DATA UNDER STUDY START

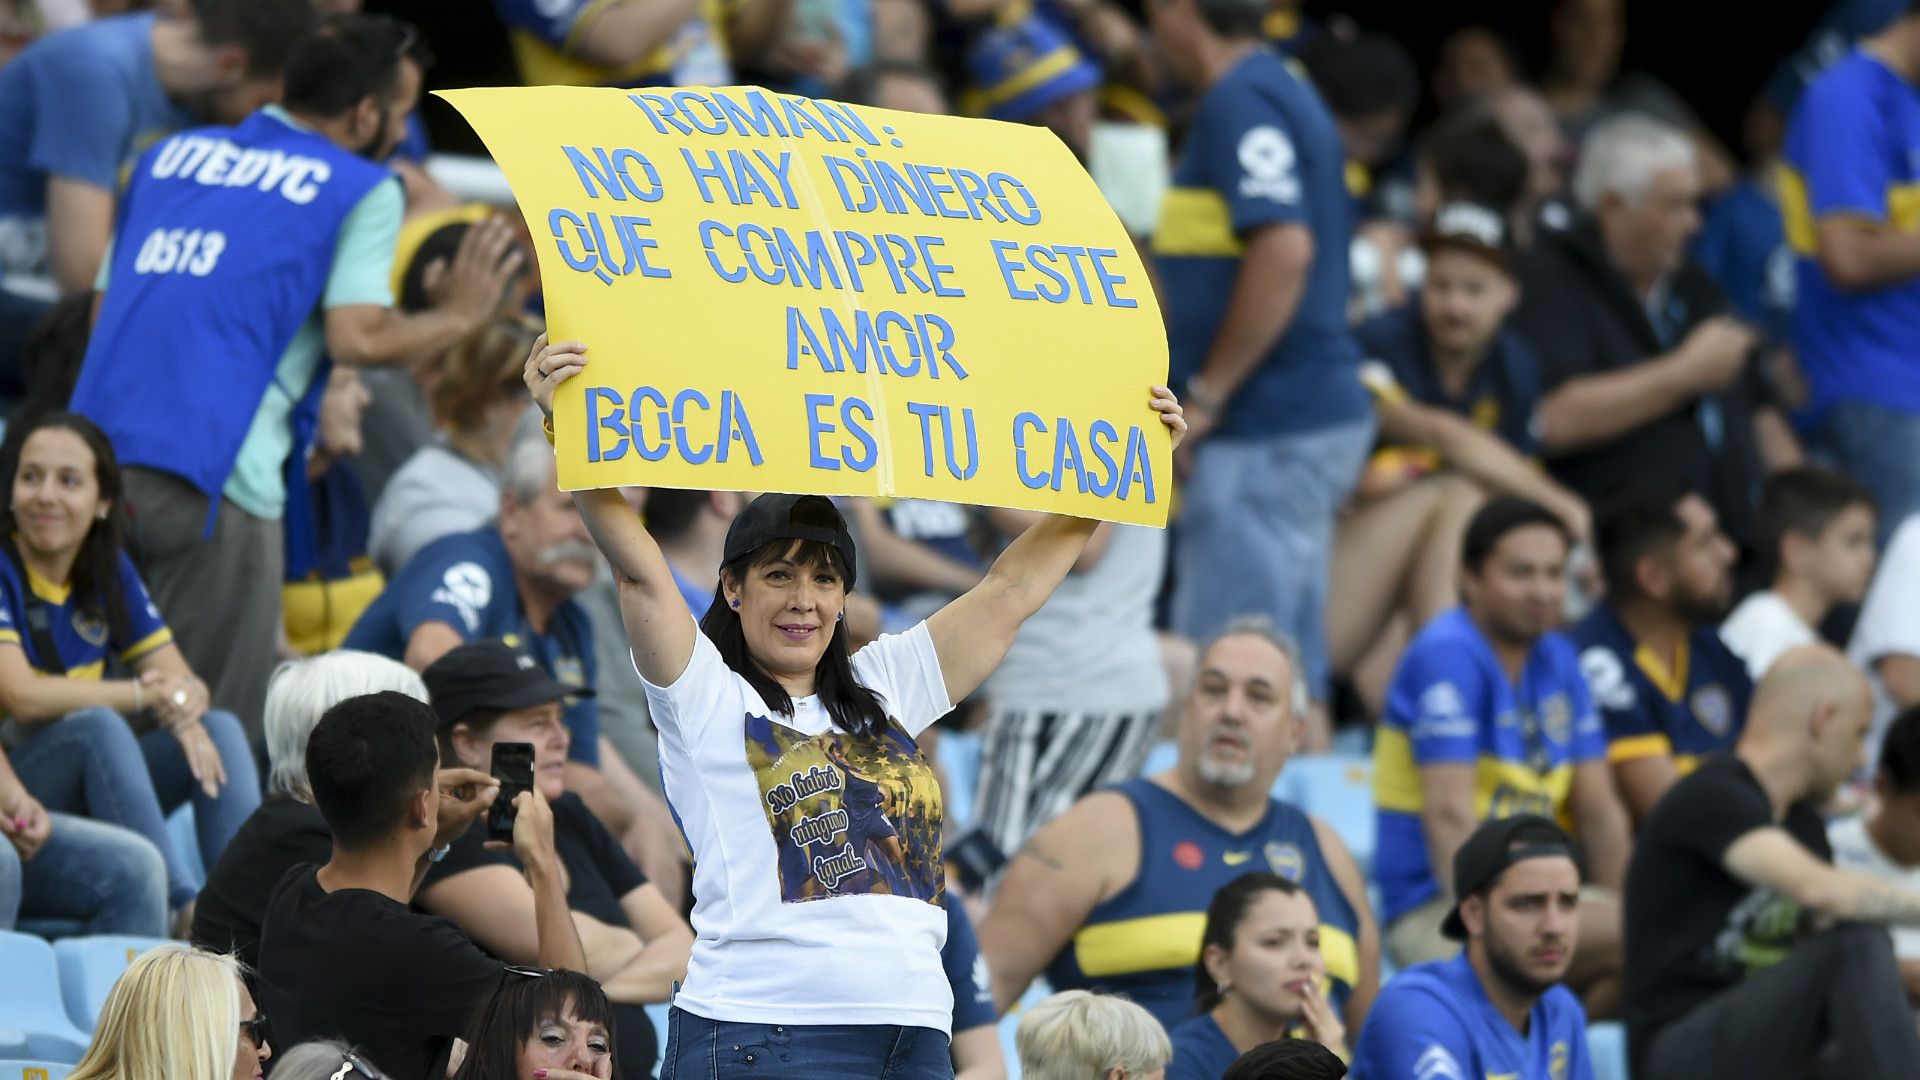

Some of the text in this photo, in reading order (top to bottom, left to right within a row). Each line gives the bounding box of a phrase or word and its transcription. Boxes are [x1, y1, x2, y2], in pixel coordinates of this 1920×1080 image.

[151, 134, 332, 205] UTEDYC
[561, 145, 664, 202] NO
[679, 147, 799, 209] HAY
[134, 228, 227, 277] 0513
[548, 208, 1138, 308] QUE COMPRE ESTE
[786, 306, 969, 380] AMOR
[585, 386, 1156, 503] BOCA ES TU CASA
[767, 785, 797, 813] No
[792, 810, 847, 845] ninguno
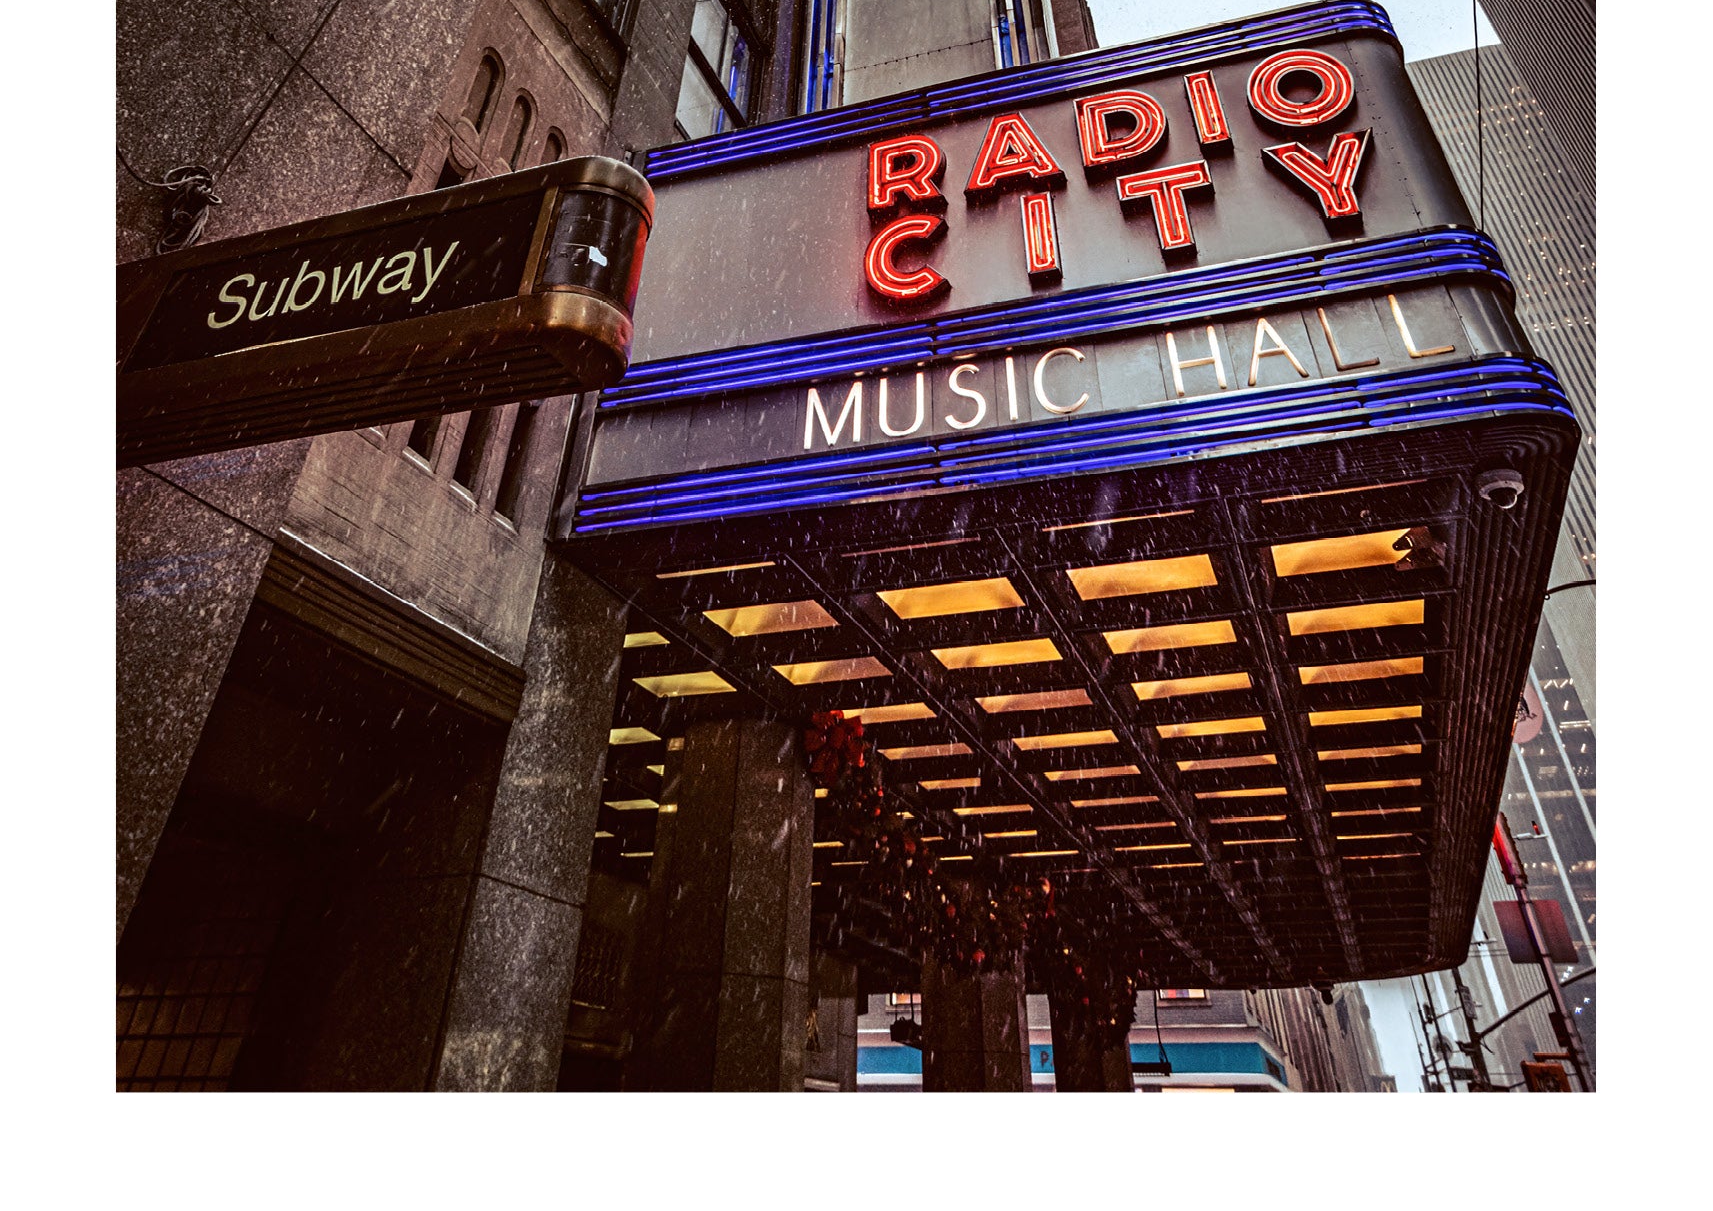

DATA UNDER STUDY END

EXERCISE: Print the listing exactly, minus any pictures.

SOLUTION FOR THIS PROBLEM:
Some of the text in this photo, in reading order (top to bottom, left to right within a row). Each line gives the bounding box of a phrase or word and its transcription. Boxes are [x1, y1, x2, y2], in pixel coordinates of this 1920×1080 image.

[151, 134, 332, 205] UTEDYC
[561, 145, 664, 202] NO
[679, 147, 799, 209] HAY
[134, 228, 227, 277] 0513
[548, 208, 1138, 308] QUE COMPRE ESTE
[786, 306, 969, 380] AMOR
[585, 386, 1156, 503] BOCA ES TU CASA
[767, 785, 797, 813] No
[792, 810, 847, 845] ninguno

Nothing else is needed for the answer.